Aug. 19, 2008 Ashok Hemal, M.D., a urologic surgeon from Wake Forest University Baptist Medical Center, and colleagues have reported success using robot-assisted laparoscopic surgery to repair abnormal openings between the bladder and vagina known as fistulas. Reporting on their experience with seven patients, Hemal and colleagues have the world's largest known success with the procedure.
Their report appears online in the Journal of Urology and will be included in a future print issue.
This type of fistula can result in frequent urinary tract infections and the leakage of urine from the vagina and can be mistaken for continence. All women had previously undergone unsuccessful surgeries to repair the problem. In most cases, the patients in the report would undergo abdominal surgery requiring a large incision. Instead, centimeter-sized instruments and a small camera were inserted through five small incisions in the abdomen.
"There was less blood loss with this procedure than with conventional surgery and there is the potential for a faster recovery," said Hemal, director of the Robotic and Minimally Invasive Urologic Surgery Program at Wake Forest Baptist. "The results were outstanding and suggest the robot-assisted surgery is an attractive option for fistulas that would normally require abdominal surgery."
Robot-assisted surgery is a popular option for heart and prostate surgery and in recent years physicians have started using it for other procedures. The da Vinci® surgical system has four robotic arms with centimeter-sized instruments attached. The surgeon controls these arms with hand and finger movements while viewing the surgical site on a screen. The tiny instruments – as well as the ability to see the surgical site at tenfold magnification – allow for very precise, refined movements.
The type of fistula that the surgeons repaired can occur one to six weeks after gynecologic or obstetric surgery, such as a hysterectomy. The women in the report had fistulas located in the supratrigonal region, which is at the lower portion of the bladder near the tubes that carry urine from the body. Fistulas in other areas can often be repaired with a vaginal approach or with laparoscopic surgery, which uses a camera and small incisions – but is not robot-assisted. However, these approaches are not generally used in the supratrigonal region because the physician must work at an extreme angle.
"Robot-assisted surgery has promise to bridge the limitations of laparoscopic surgery and allow more women with fistulas, urinary incontinence or prolapsed pelvic organs to benefit from a minimally invasive approach," said Hemal.

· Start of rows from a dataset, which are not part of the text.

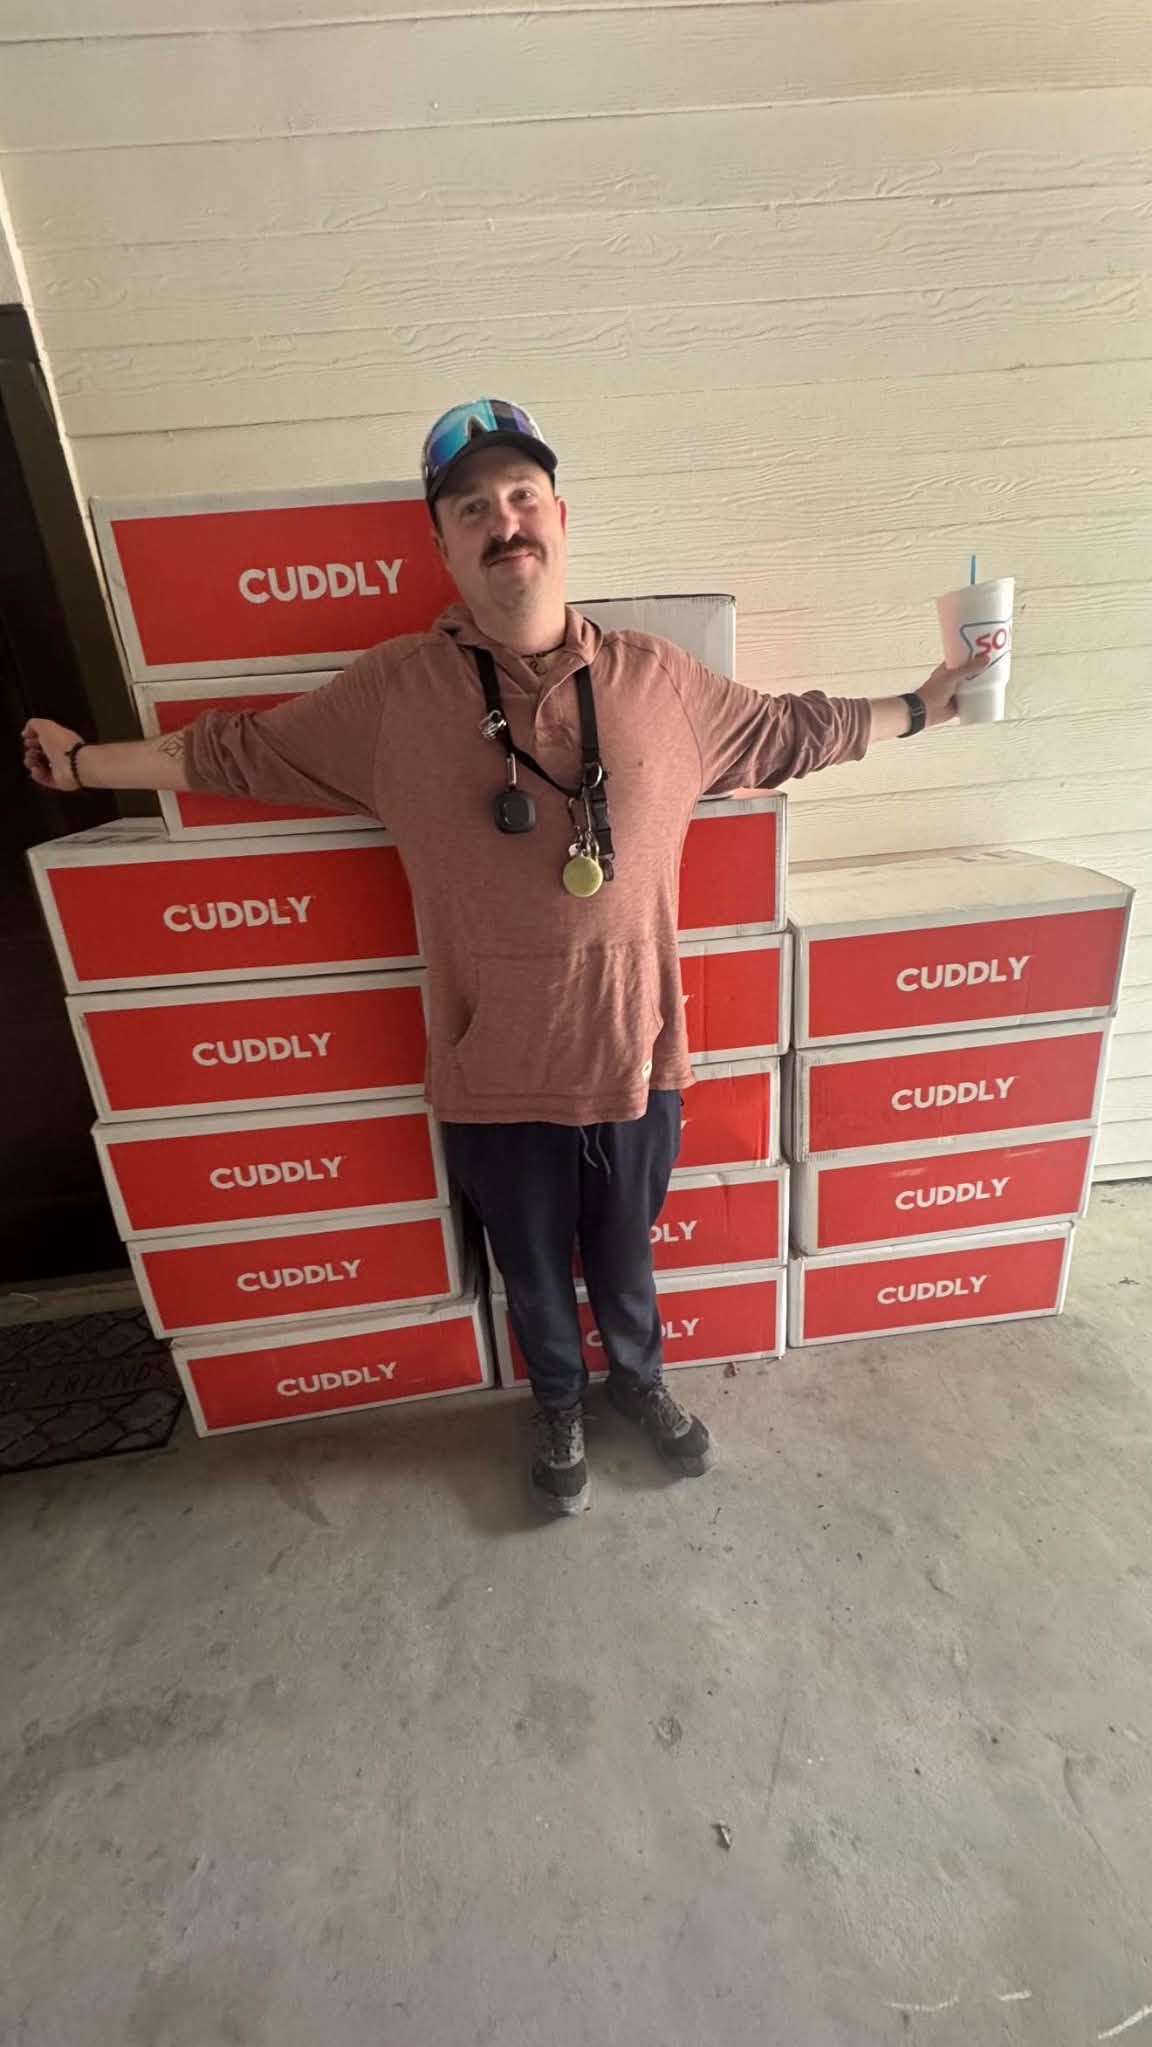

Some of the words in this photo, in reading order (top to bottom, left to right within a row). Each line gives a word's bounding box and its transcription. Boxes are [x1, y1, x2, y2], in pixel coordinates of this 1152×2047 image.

[238, 558, 403, 604] CUDDLY
[976, 628, 1009, 657] SO
[162, 895, 312, 932] CUDDLY
[896, 955, 1031, 992] CUDDLY
[191, 1032, 331, 1067] CUDDLY
[891, 1075, 1016, 1111] CUDDLY
[209, 1155, 342, 1190] CUDDLY
[895, 1176, 1010, 1210] CUDDLY
[649, 1220, 698, 1244] DLY
[236, 1259, 361, 1292] CUDDLY
[876, 1274, 988, 1305] CUDDLY
[586, 1317, 700, 1347] CLY
[276, 1361, 397, 1397] CUDDLY

Hemal had previously published a report in Urology (May, 2006) using robotic-assisted surgery to repair first-time fistulae in women. All the patients in current report had undergone previous failed surgeries -- five of the women had at least two failed prior surgeries. With the robot-assisted approach, mean operating time was 141 minutes and mean hospital stay was three days.

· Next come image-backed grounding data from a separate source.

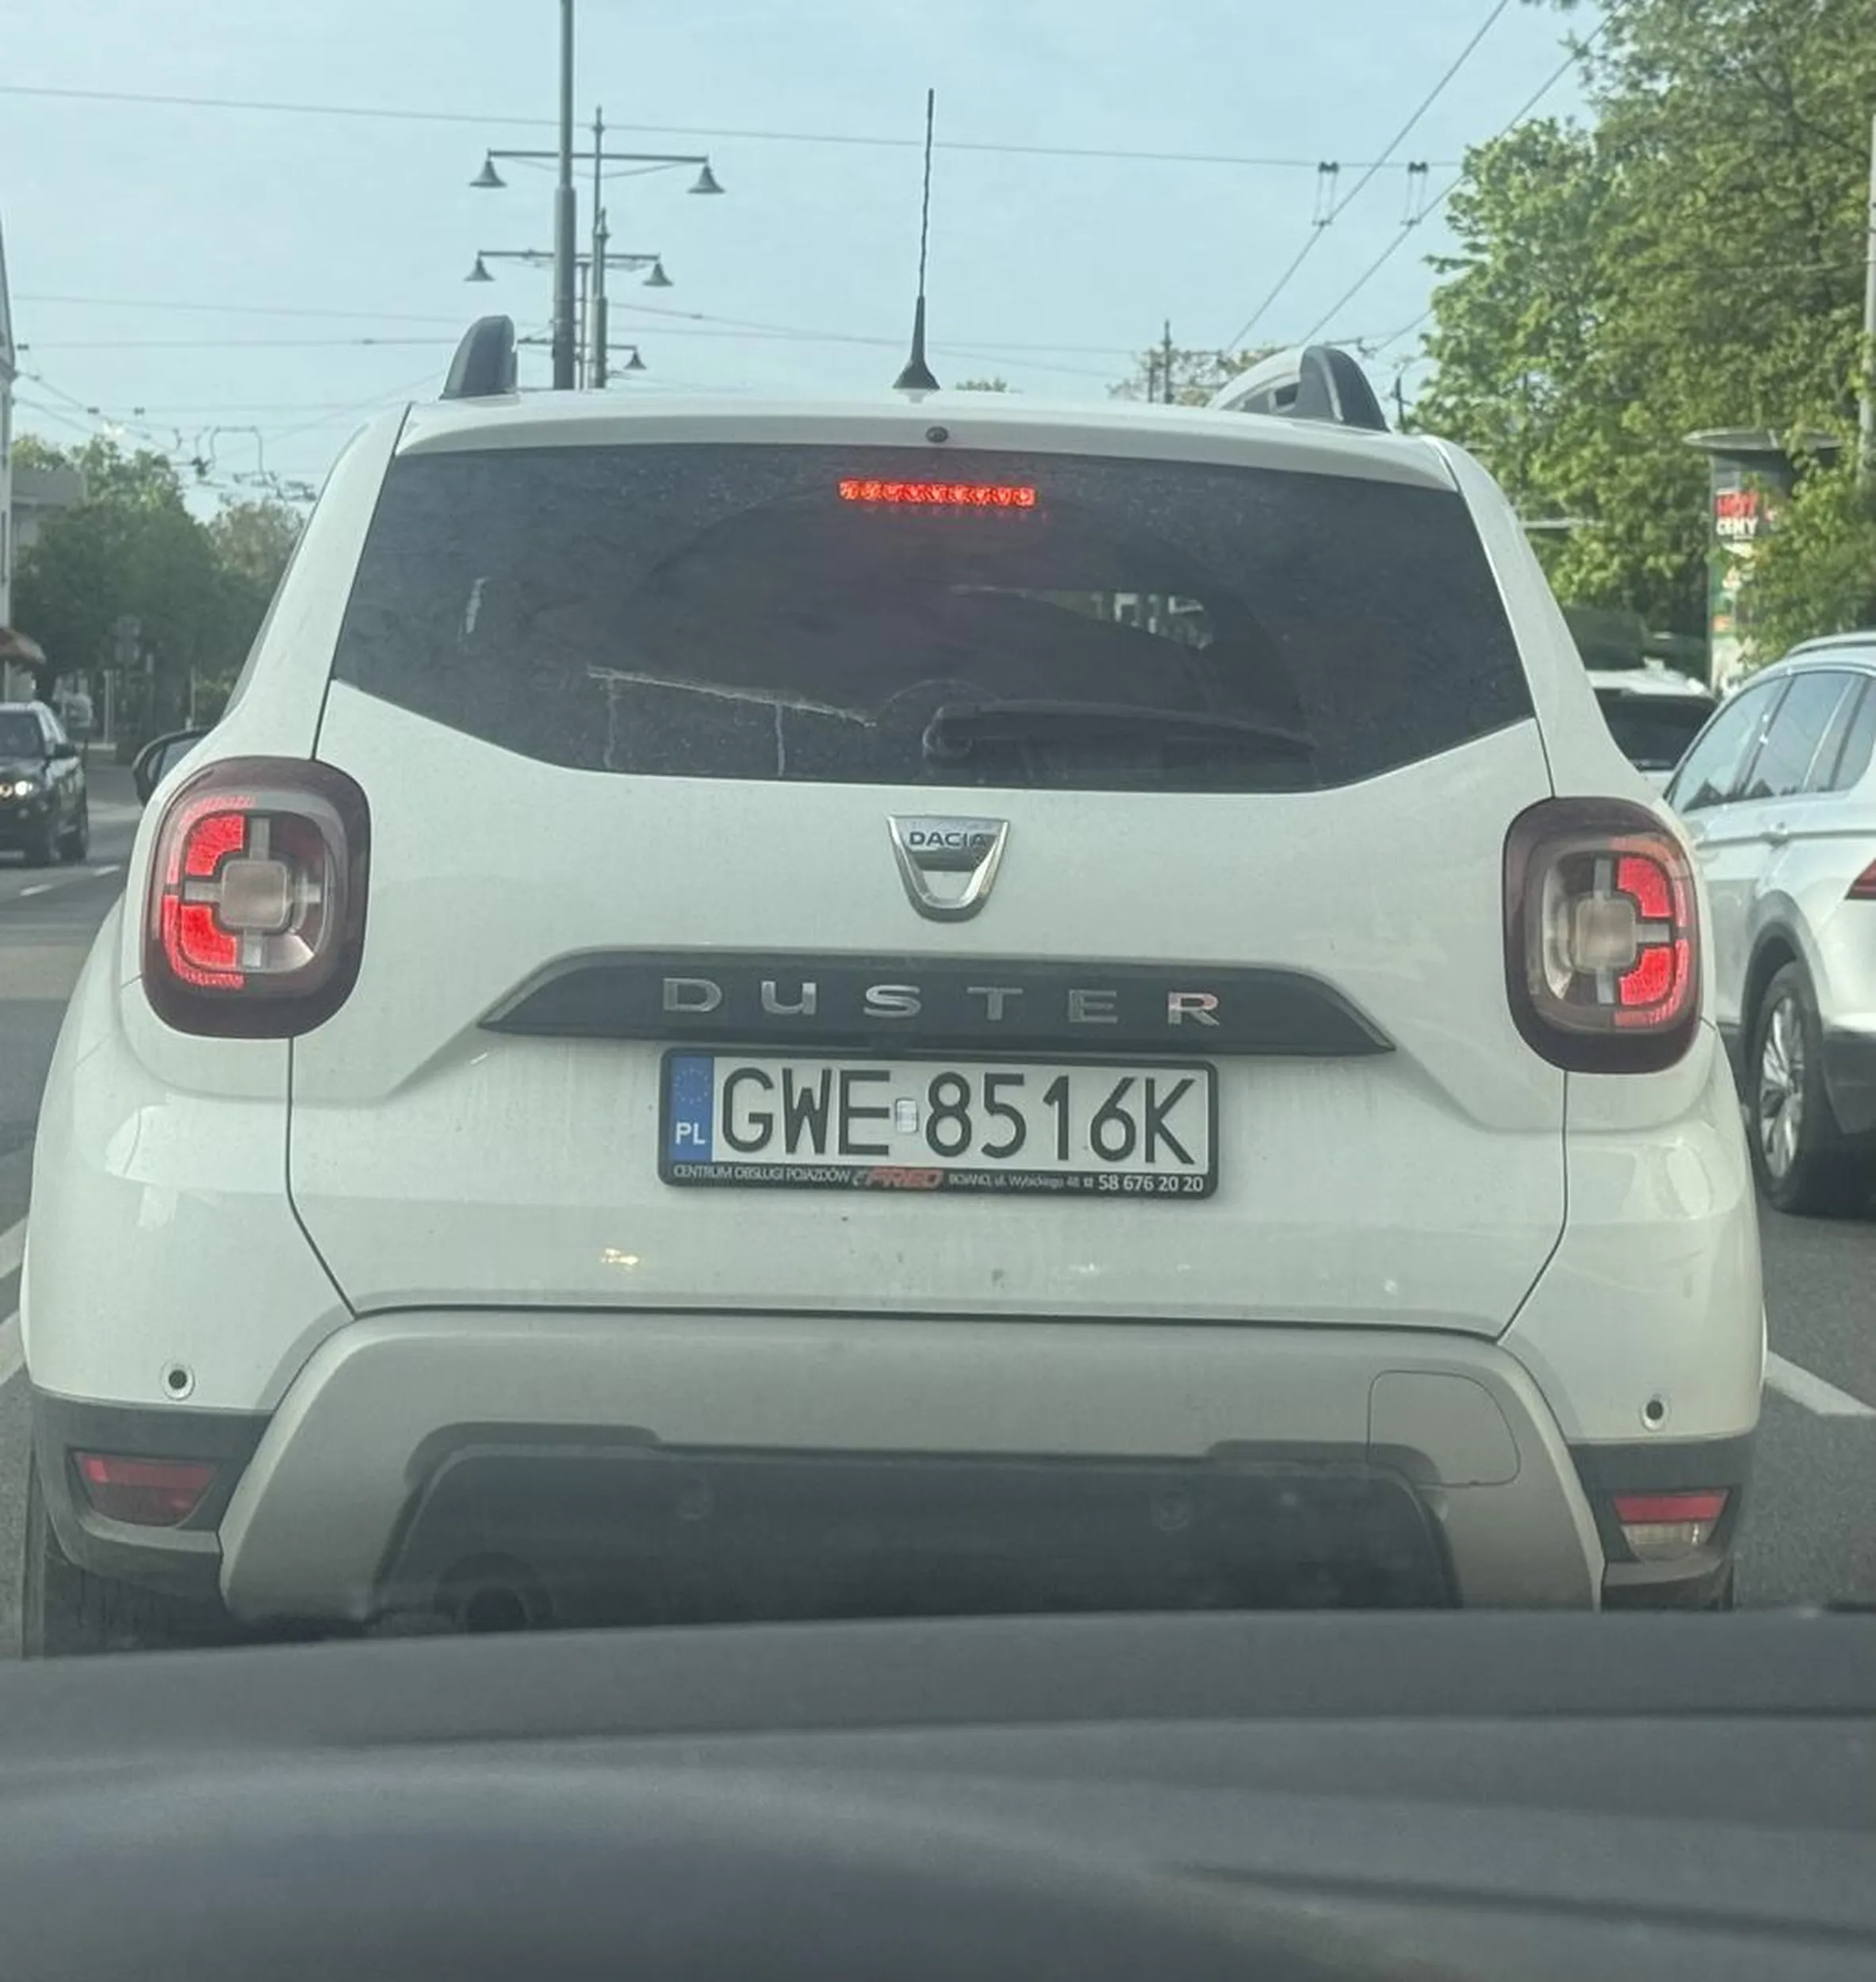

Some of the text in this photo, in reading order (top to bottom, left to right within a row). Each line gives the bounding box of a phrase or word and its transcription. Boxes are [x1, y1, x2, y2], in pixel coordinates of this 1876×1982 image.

[909, 832, 986, 847] DACIA
[662, 977, 1220, 1026] DUSTER
[722, 1067, 1196, 1165] GWE 8516K
[675, 1122, 706, 1146] PL
[674, 1165, 732, 1179] CENTRUM
[1098, 1173, 1120, 1191] 58
[1123, 1174, 1154, 1192] 676
[1158, 1175, 1179, 1192] 20
[1182, 1176, 1204, 1192] 20

Hemal also has experience using robot-assisted surgery to repair fistulas between the bladder and uterus and between the uterus and vagina, as well as performing surgeries for urinary incontinence and prolapsed organs. The surgeries are a treatment option offered by the Wake Forest Baptist Continence Center, which is co-directed by Gopal Badlani, M.D., and John J. Smith, M.D.
Hemal's colleagues on the report are Surendra Kolla, M.D., and Penkaj Wadhwa, M.D., both from the All India Institute of Medical Sciences in New Delhi.